Tal vez a algunos nos interese mucho más la batalla intelectual: no nos preocupa tanto caer simpáticos y conseguir votos. Y si se quiere investigar con rigor sobre la libertad es necesario estudiar todos los temas relevantes posibles: no necesariamente para restregárselos por la cara a personas que no están cognitiva ni emocionalmente preparadas para asumir ciertas ideas, pero sí para comprobar la fortaleza de la teoría y aclarar sus contenidos. Hay asuntos que la gente suele callar por educación, por delicadeza, para no ofender. Sin embargo, aunque no afecten a muchos que se consideran normales y honrados, sí pueden ser importantes para otros que piden un debate abierto, ya que las intuiciones morales pueden estar equivocadas y las buenas intenciones no bastan para solucionar problemas.

Son muy pocos los que piden la eutanasia, pero no les consuela que la inmensa mayoría no sufra ese problema y no respete la libertad ajena. Bastantes personas sufren por carencia de órganos para trasplantes, pero muchos meapilas contribuyen a la prohibición de mercados de órganos apelando difusamente a la socorrida “dignidad inalienable” de los seres humanos. La guerra contra las drogas es un completo fracaso enormemente costoso, pero cuando se intenta hablar de liberalización saltan como un resorte los histéricos profetizando la drogadicción generalizada de los niños. En grupos humanos enormes siempre habrá unos pocos excéntricos con deseos que casi todos considerarán anómalos y asquerosos (¿probar el sabor de la carne humana, tal vez?), pero si no hay víctima no hay crimen, y si su actividad es disfuncional les perjudicará exclusivamente a ellos y tenderán a extinguirse solos.

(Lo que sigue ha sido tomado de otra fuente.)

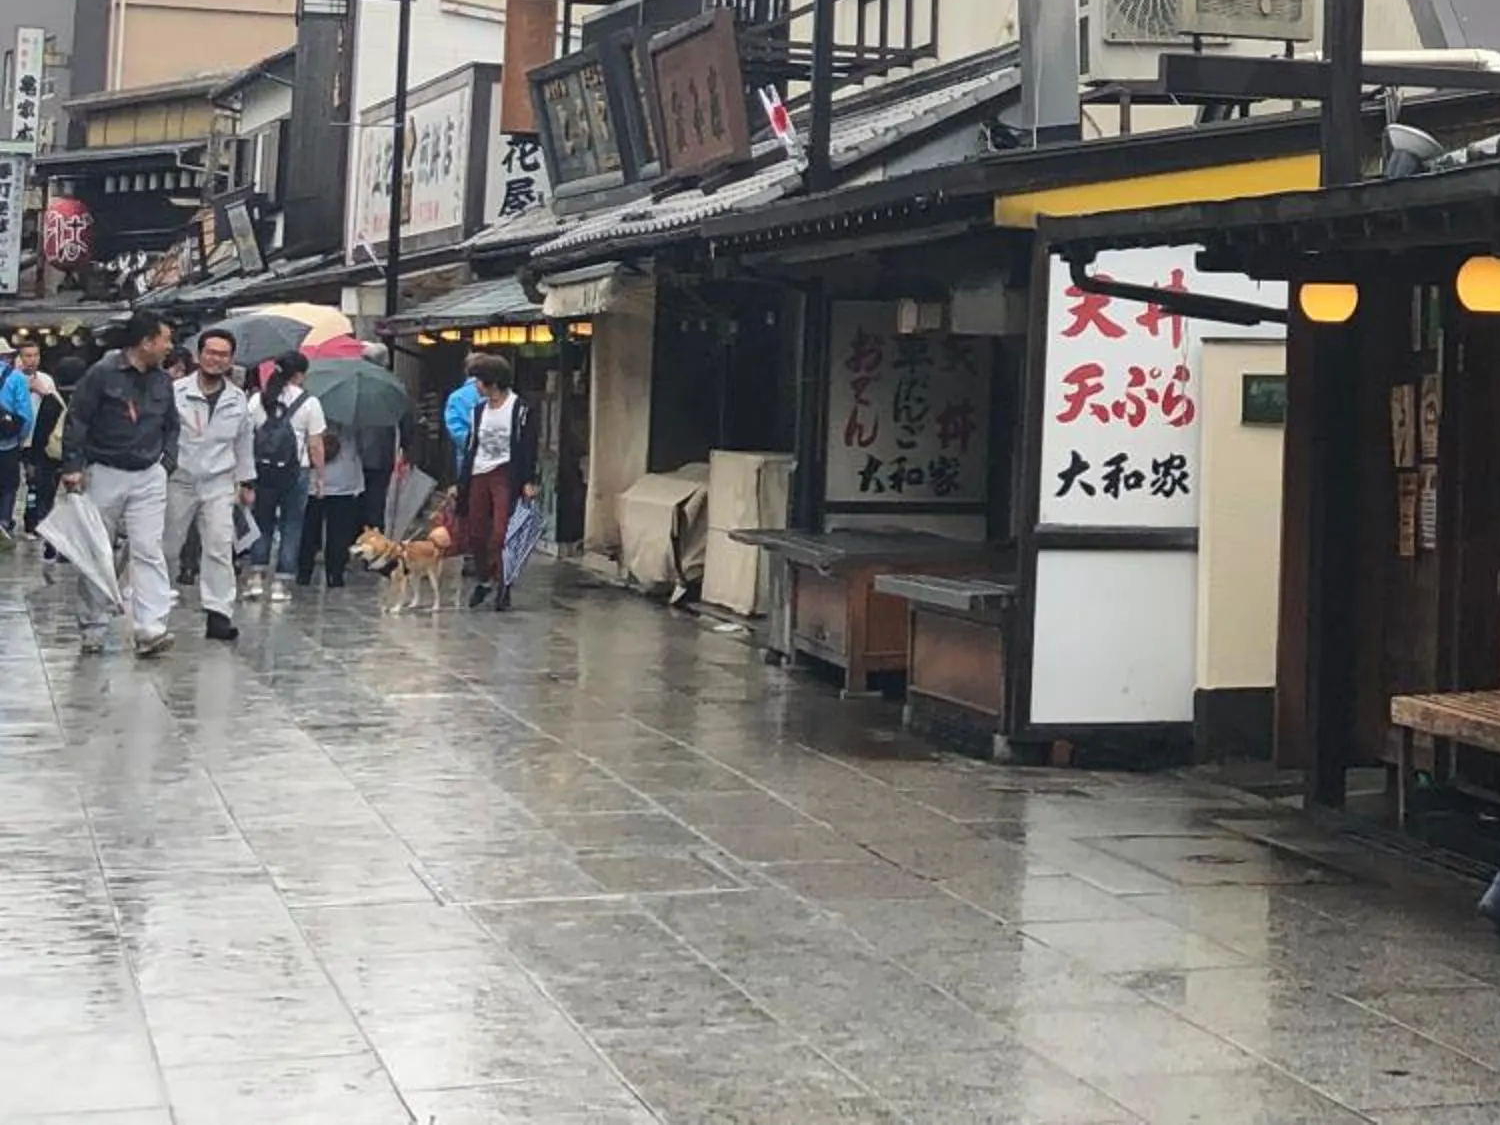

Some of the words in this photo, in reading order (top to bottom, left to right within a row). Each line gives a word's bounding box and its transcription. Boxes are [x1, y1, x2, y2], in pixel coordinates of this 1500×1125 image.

Algunos presuntos liberales consideran que los que tratamos ciertos temas de forma radical y fundamentada somos unos locos peligrosos, adanes caídos en la fatal arrogancia, un cáncer para el “auténtico” liberalismo, que es naturalmente el suyo. Estos críticos hipersensibles que ven por todas partes la amenaza del anarcocapitalismo (aunque no venga a cuento) insisten en informar al mundo de que ellos no son como nosotros, que sienten repugnancia, asco, ante ciertas ideas que les parecen absolutamente inaceptables e indignantes. Los niveles de histeria y escándalo suelen ser inversamente proporcionales a la corrección de los argumentos.

Igual que los aspirantes a médicos que no venzan la repulsión instintiva ante un cadáver, la sangre y las vísceras difícilmente podrán ayudar a nadie, los aspirantes a intelectuales que no puedan controlar sus fobias ideológicas difícilmente podrán ofrecer razonamientos con algo de sustancia e interés. E igual que un cirujano para operar suele tener que cortar, lo cual sin anestesia resulta muy doloroso, un liberal que analice críticamente la realidad a menudo se encuentra mostrando errores ajenos, de los cuales parece que no hay escasez. Como a la gente no le suele gustar que le muestren su ignorancia ni que se critiquen sus preferencias más íntimas, el liberal radical va por la vida “haciendo amigos”. Espíritus delicados abstenerse.